Two-way Coupling of Fluid--Structure Interaction for Elastic Magneto-Swimmers:A Finite Element ALE Approach

TL;DR

The paper develops a comprehensive finite element framework based on the Arbitrary Lagrangian–Eulerian (ALE) formulation to simulate deformable elastic magneto-swimmers in confined viscous flows, resolving full fluid dynamics while tracking swimmer deformation and global motion on conforming meshes. The approach couples incompressible Navier–Stokes fluid dynamics with hyper-elastic tail deformation (Saint-Venant–Kirchhoff) and rigid-body head motion through two-way fluid–structure interaction, using a two-subproblem decomposition (fluid–rigid and fluid–elastic) within a two-stage discretization and a fixed-point solver. Numerical results in 2D and 3D validate accuracy and robustness against experimental data, demonstrate the relationship between stroke area and net displacement, and reveal a resonant-like dependence of propulsion on actuation frequency, with tail flexibility enhancing performance.
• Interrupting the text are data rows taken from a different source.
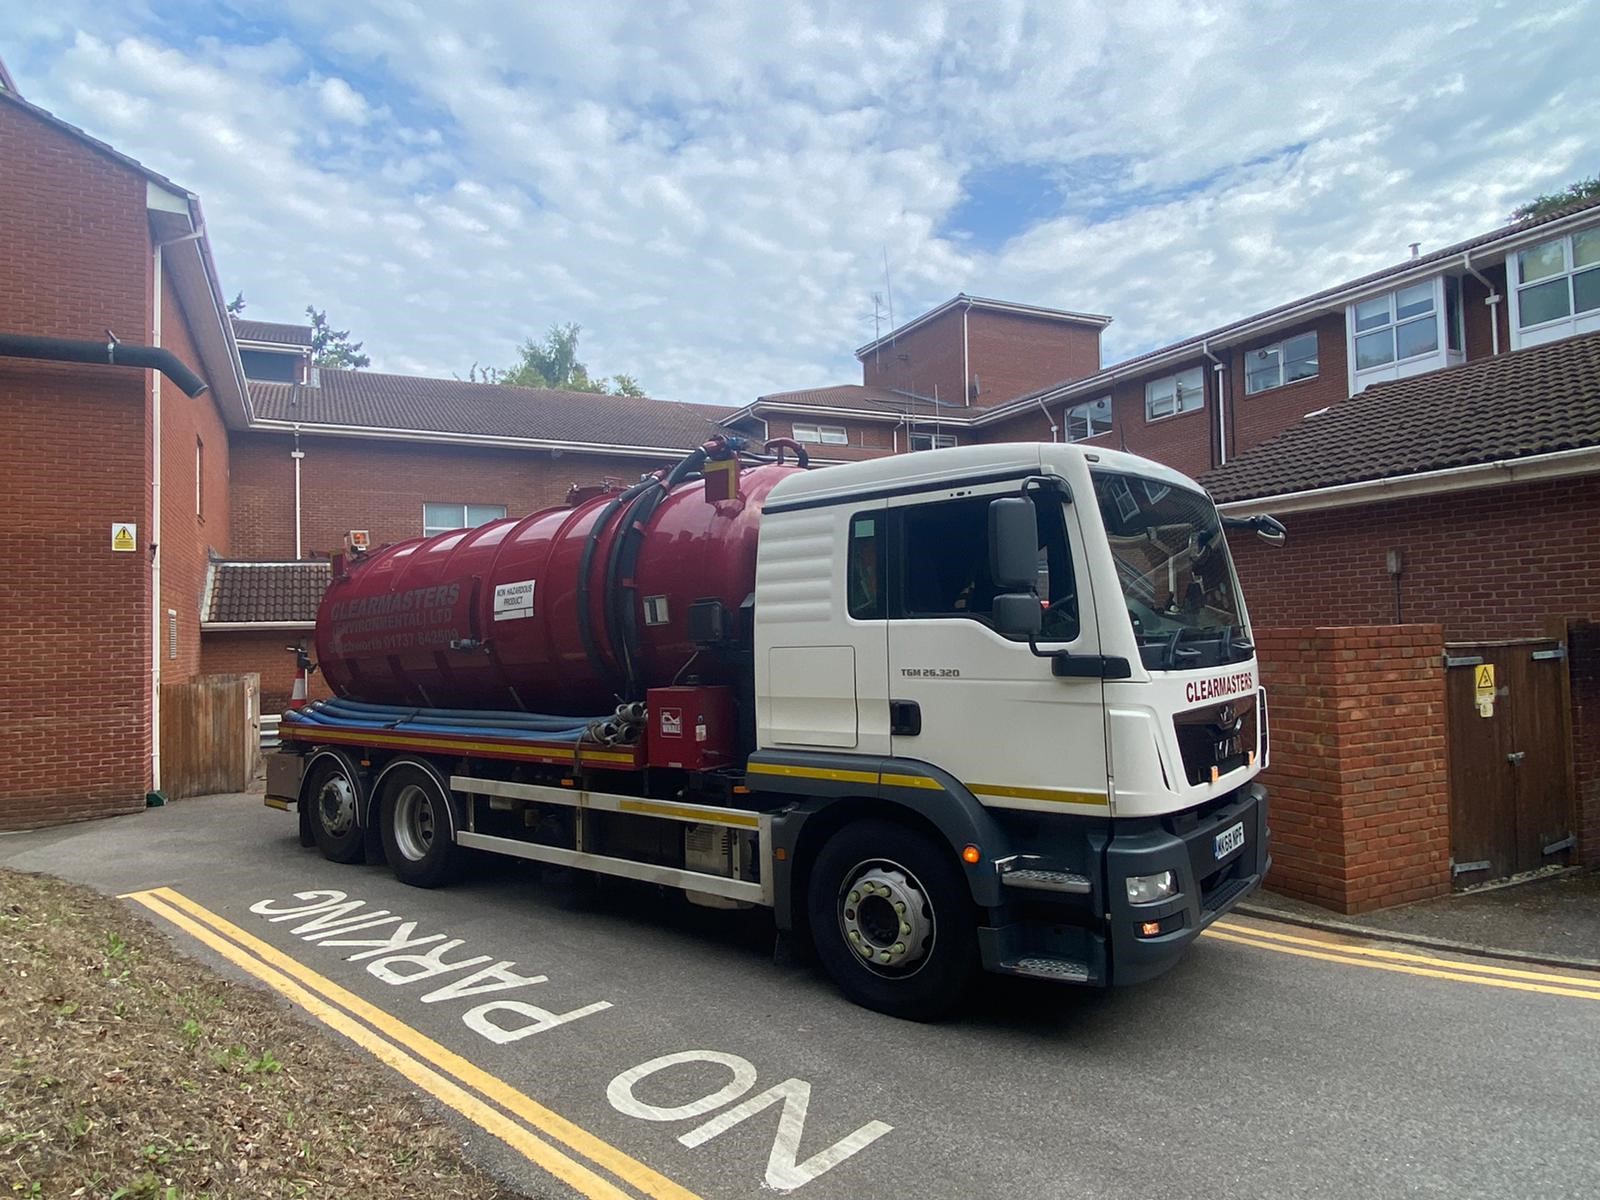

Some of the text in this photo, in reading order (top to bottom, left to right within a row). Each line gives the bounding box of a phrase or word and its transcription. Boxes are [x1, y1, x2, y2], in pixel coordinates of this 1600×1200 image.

[506, 584, 533, 596] HAZARDOUS
[330, 583, 460, 621] CLEARMASTERS
[504, 596, 523, 606] PRODUCT
[430, 608, 453, 625] LTD
[901, 669, 960, 677] TGM 26.320
[1186, 672, 1253, 703] CLEARMASTERS
[249, 889, 895, 1194] NO PARKING
The framework enables high-fidelity digital twins for magneto-swimmers, supports adaptive remeshing and parallel computing (via Feel++ and PETSc), and lays the groundwork for multi-swimmer configurations, advanced control strategies, and exascale simulations in targeted biomedical applications.

Abstract

Artificial micro-swimmers actuated by external magnetic fields hold significant promise for targeted biomedical applications, including drug delivery and micro-robot-assisted therapy. However, their dynamics remain challenging to control due to the complex nonlinear coupling between magnetic actuation, elastic deformations, and fluid interactions in confined biological environments. Numerical modeling is therefore essential to better understand, predict, and optimize their behavior for practical applications. In this work, we present a comprehensive finite element framework based on the Arbitrary Lagrangian--Eulerian formulation to simulate deformable elastic micro-swimmers in confined fluid domains. The method employs a full-order model that resolves the complete fluid dynamics while simultaneously tracking swimmer deformation and global displacement on conforming meshes. Numerical experiments are performed with the open-source finite element library Feel++, demonstrating excellent agreement with experimental data from the literature. The validation benchmarks in both two and three dimensions confirm the accuracy, robustness, and computational efficiency of the proposed framework, representing a foundational step toward developing digital twins of magneto-swimmers for biomedical applications.

Figures (7)

• Figure 1: Configuration of the magneto-swimmer at time $t$ inside a fluid domain $\mathcal{F}^t$. The magnetic moment $M^t$ tends to align with the external magnetic field $B^t$, and $\theta^t$ represents the swimmer’s head orientation.
• Figure 2: The illustration of the two angles used for the phase configuration space.
• Figure 3: At the top, the deformations of the swimmer with respect to the stroke cycle plotted at the bottom in the configuration space.
• Figure 4: Displacement of the magneto-swimmer over one period as a function of the frequency of the magnetic field.
• Figure 5: Discretized geometry of the three-dimensional magneto-swimmer.